Nick Bezhanishvili obtained his PhD in 2006 from the ILLC (Institute for Logic, Language and Computation), University of Amsterdam, under the supervision of Professors Dick de Jongh and Yde Venema. He held postdoctoral positions at the University of Leicester (2006--2008), Imperial College London (2008--2012), and Utrecht University (2012--2013). Since 2014, Nick holds an Assistant Professorship at the ILLC. He has more than 70 publications in the top journals, refereed conference proceedings, and book chapters in his area of research, which is centered on applications of algebraic and topological methods in the study of non-classical logics (such as modal and intuitionistic logics). An important feature of this work is the theory of Stone-like dualities, which gives rise to topological and geometric semantics for intuitionistic and modal logics.

I have developed tableau methods for many modal logics, which have been successfully implemented on computers. My work on Kripke-like theories of truth has also been applied to provide semantics for certain programming languages. Some of this work has also found application in non-monotonic reasoning. Recently I have been interested in first- and higher-order modal logics. Applications here range from an explication of Goedel's ontological argument, to semantics for databases of a rather complex sort.
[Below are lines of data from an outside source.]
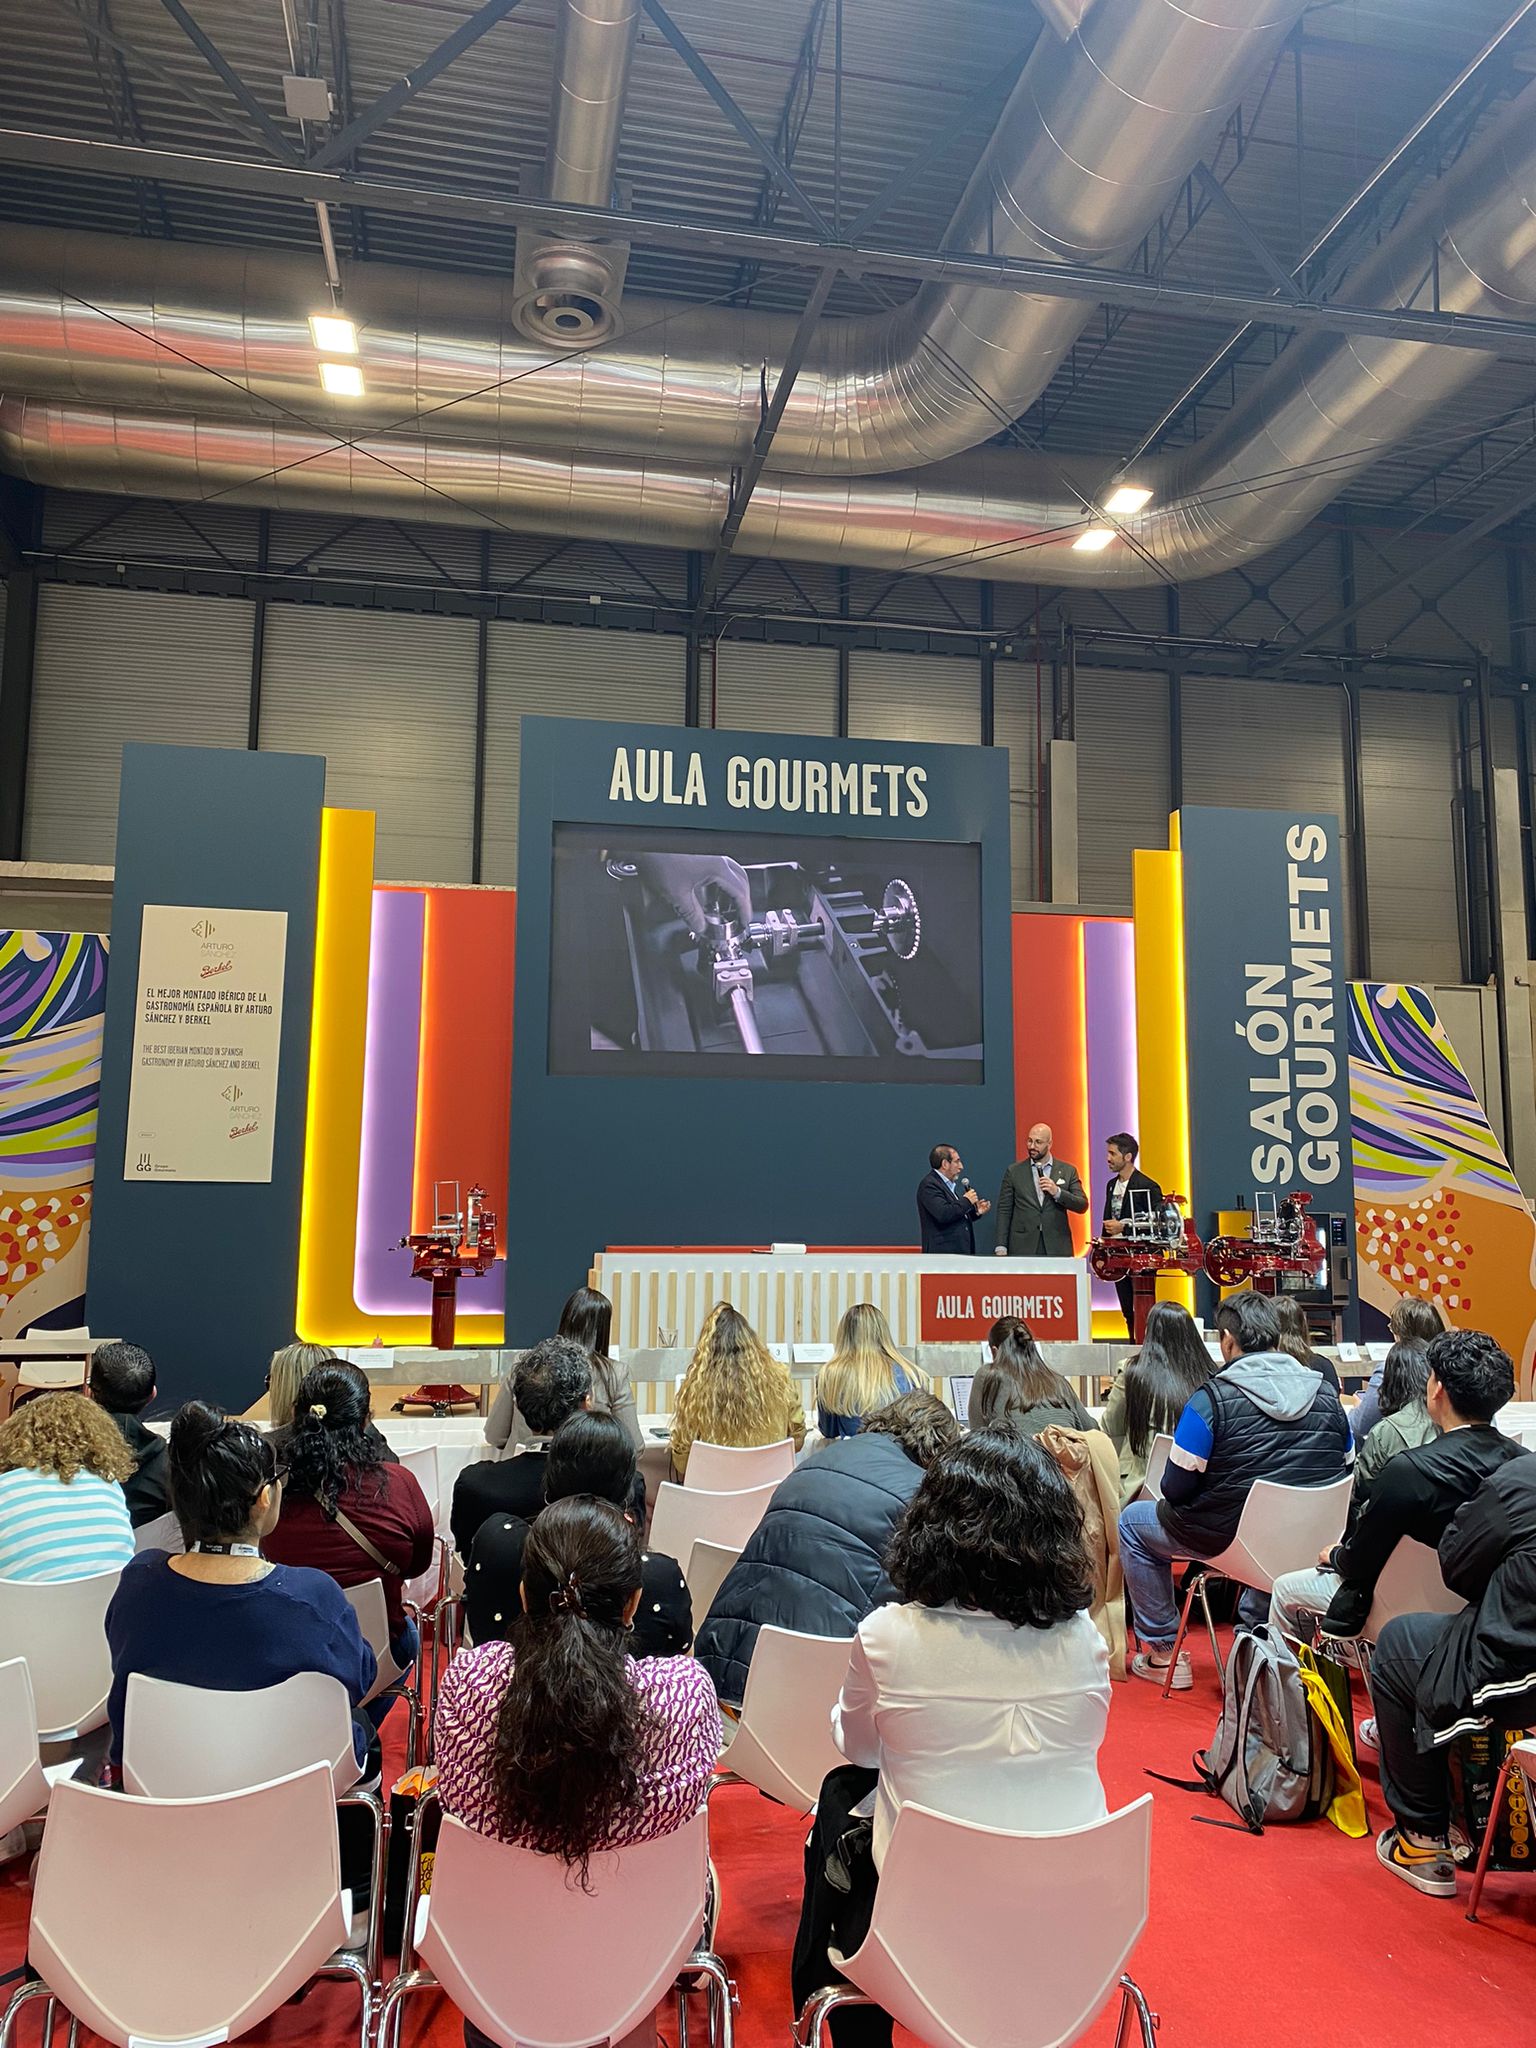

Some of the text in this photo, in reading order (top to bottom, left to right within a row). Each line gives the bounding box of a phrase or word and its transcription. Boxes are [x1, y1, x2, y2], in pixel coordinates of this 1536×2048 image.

[609, 747, 928, 818] AULA GOURMETS
[200, 942, 234, 950] ARTURO
[147, 988, 267, 1002] EL MEJOR MONTADO IBÉRICO DE LA
[145, 1000, 273, 1015] GASTRONOMÍA ESPAÑOLA BY ARTURO
[1286, 824, 1341, 1185] GOURMETS
[144, 1012, 212, 1025] SÁNCHEZ Y BERKEL
[143, 1045, 244, 1056] THE BEST IBERIAN MONTADO IN SPANISH
[142, 1057, 176, 1067] GASTRONOMY
[177, 1058, 184, 1067] BY
[184, 1059, 204, 1068] ARTURO
[229, 1060, 240, 1069] AND
[241, 1060, 260, 1070] BERKEL
[1235, 964, 1294, 1185] SALÓN
[936, 1295, 1064, 1319] AULA GOURMETS
I received the Herbrand Award in 2012, for work in tableau-based automated theorem proving. I have a recent book, “Justification Logic: Reasoning with Reasons”, joint with Sergei Artemov, which appeared with Cambridge in 2019. I also received an honorary doctorate in October of 2019, from the University of Bucharest. My current research involves adding or removing various features from quantified modal logics, to see what the formal consequences are.
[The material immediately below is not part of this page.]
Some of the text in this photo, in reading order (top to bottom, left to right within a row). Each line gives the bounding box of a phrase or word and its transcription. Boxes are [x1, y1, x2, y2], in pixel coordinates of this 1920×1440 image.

Nina Gierasimczuk, Ph.D., is an Associate Professor in Logic at the Department of Applied Mathematics and Computer Science, Technical University of Denmark, and a Visiting Fellow at the Institute for Logic, Language and Computation, University of Amsterdam. Her main research interests lie in the logical aspects of learning in both single- and multi-agent context, and involve learning theory, modal logic, and computability theory. Her current projects focus on symbolic learning in artificial intelligence in the context of action models, belief revision, multi-agent systems, and social networks. She is also interested in the coordination mechanisms involved in natural language evolution and in the role of logic and logical modeling in cognitive science.